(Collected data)
● ● ● ● ●

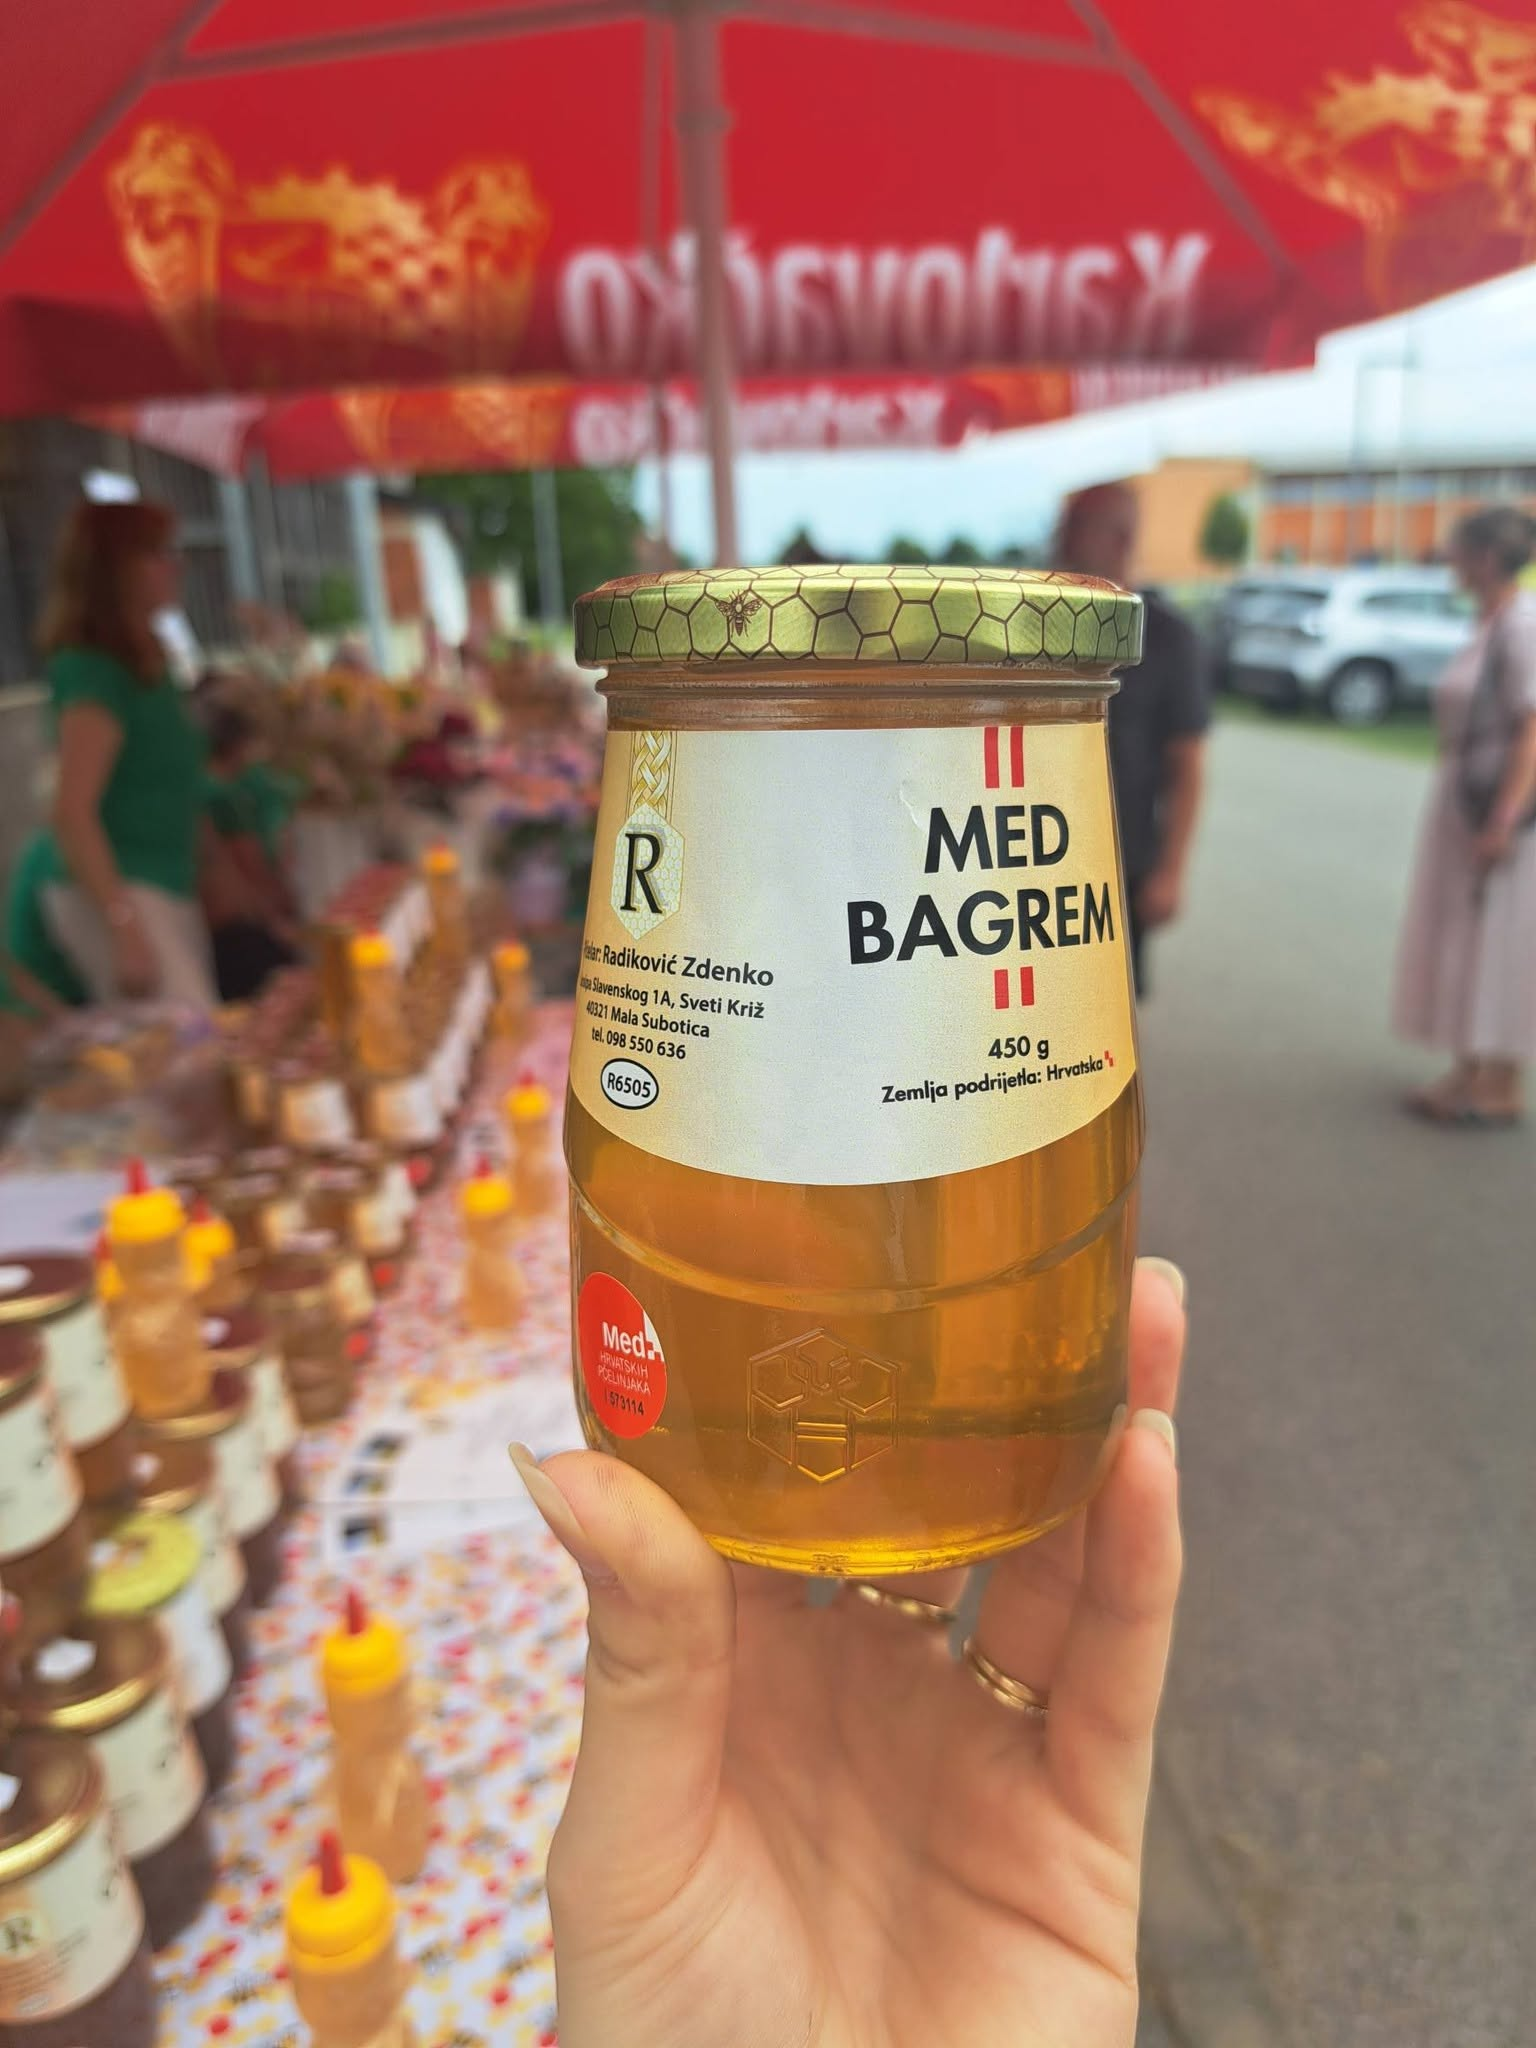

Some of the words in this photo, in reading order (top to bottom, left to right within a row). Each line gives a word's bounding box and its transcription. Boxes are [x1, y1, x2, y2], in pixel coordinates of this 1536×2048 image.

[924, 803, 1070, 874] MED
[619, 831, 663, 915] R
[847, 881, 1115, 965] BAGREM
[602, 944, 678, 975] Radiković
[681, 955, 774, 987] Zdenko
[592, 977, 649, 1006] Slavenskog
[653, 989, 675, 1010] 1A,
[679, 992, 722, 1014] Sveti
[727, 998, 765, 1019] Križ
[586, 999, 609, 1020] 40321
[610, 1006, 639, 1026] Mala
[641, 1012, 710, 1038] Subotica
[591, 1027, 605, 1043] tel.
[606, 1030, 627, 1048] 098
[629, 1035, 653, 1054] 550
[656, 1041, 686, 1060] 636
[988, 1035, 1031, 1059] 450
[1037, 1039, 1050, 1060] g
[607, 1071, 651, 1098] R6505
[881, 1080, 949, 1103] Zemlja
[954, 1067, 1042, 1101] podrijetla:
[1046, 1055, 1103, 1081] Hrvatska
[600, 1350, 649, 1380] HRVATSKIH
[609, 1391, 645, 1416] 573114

● ● ● ● ●

TASK STATEMENT
Hand back all the entries exactly, leaving out the pictures.

ANSWER TO THE PROBLEM
Some of the words in this photo, in reading order (top to bottom, left to right within a row). Each line gives a word's bounding box and its transcription. Boxes are [x1, y1, x2, y2], in pixel coordinates of this 1536×2048 image.

[924, 803, 1070, 874] MED
[619, 831, 663, 915] R
[847, 881, 1115, 965] BAGREM
[602, 944, 678, 975] Radiković
[681, 955, 774, 987] Zdenko
[592, 977, 649, 1006] Slavenskog
[653, 989, 675, 1010] 1A,
[679, 992, 722, 1014] Sveti
[727, 998, 765, 1019] Križ
[586, 999, 609, 1020] 40321
[610, 1006, 639, 1026] Mala
[641, 1012, 710, 1038] Subotica
[591, 1027, 605, 1043] tel.
[606, 1030, 627, 1048] 098
[629, 1035, 653, 1054] 550
[656, 1041, 686, 1060] 636
[988, 1035, 1031, 1059] 450
[1037, 1039, 1050, 1060] g
[607, 1071, 651, 1098] R6505
[881, 1080, 949, 1103] Zemlja
[954, 1067, 1042, 1101] podrijetla:
[1046, 1055, 1103, 1081] Hrvatska
[600, 1350, 649, 1380] HRVATSKIH
[609, 1391, 645, 1416] 573114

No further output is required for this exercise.